> Task directions:
Every entry below should be printed again exactly as it reads.

> Saved entries:

⟨

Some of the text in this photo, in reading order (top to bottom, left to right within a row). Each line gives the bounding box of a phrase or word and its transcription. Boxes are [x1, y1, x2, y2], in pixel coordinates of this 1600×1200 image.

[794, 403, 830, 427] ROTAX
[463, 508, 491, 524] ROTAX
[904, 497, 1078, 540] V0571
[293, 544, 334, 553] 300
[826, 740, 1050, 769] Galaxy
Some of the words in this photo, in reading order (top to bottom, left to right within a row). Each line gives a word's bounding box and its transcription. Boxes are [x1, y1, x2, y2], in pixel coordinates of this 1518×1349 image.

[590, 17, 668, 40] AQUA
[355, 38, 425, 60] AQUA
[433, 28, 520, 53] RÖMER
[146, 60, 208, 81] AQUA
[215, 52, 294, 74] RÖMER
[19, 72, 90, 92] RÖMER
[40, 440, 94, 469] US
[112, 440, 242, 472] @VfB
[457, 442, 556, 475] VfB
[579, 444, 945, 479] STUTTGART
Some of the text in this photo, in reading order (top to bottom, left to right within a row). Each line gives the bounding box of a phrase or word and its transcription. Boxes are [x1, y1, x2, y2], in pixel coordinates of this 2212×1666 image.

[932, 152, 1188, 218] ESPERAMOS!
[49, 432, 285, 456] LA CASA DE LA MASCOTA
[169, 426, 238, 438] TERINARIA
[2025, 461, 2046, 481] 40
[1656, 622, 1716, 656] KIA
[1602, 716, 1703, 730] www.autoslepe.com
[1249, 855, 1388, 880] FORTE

⟩

> Expected output:
Some of the text in this photo, in reading order (top to bottom, left to right within a row). Each line gives the bounding box of a phrase or word and its transcription. Boxes are [x1, y1, x2, y2], in pixel coordinates of this 1600×1200 image.

[794, 403, 830, 427] ROTAX
[463, 508, 491, 524] ROTAX
[904, 497, 1078, 540] V0571
[293, 544, 334, 553] 300
[826, 740, 1050, 769] Galaxy
Some of the words in this photo, in reading order (top to bottom, left to right within a row). Each line gives a word's bounding box and its transcription. Boxes are [x1, y1, x2, y2], in pixel coordinates of this 1518×1349 image.

[590, 17, 668, 40] AQUA
[355, 38, 425, 60] AQUA
[433, 28, 520, 53] RÖMER
[146, 60, 208, 81] AQUA
[215, 52, 294, 74] RÖMER
[19, 72, 90, 92] RÖMER
[40, 440, 94, 469] US
[112, 440, 242, 472] @VfB
[457, 442, 556, 475] VfB
[579, 444, 945, 479] STUTTGART
Some of the text in this photo, in reading order (top to bottom, left to right within a row). Each line gives the bounding box of a phrase or word and its transcription. Boxes are [x1, y1, x2, y2], in pixel coordinates of this 2212×1666 image.

[932, 152, 1188, 218] ESPERAMOS!
[49, 432, 285, 456] LA CASA DE LA MASCOTA
[169, 426, 238, 438] TERINARIA
[2025, 461, 2046, 481] 40
[1656, 622, 1716, 656] KIA
[1602, 716, 1703, 730] www.autoslepe.com
[1249, 855, 1388, 880] FORTE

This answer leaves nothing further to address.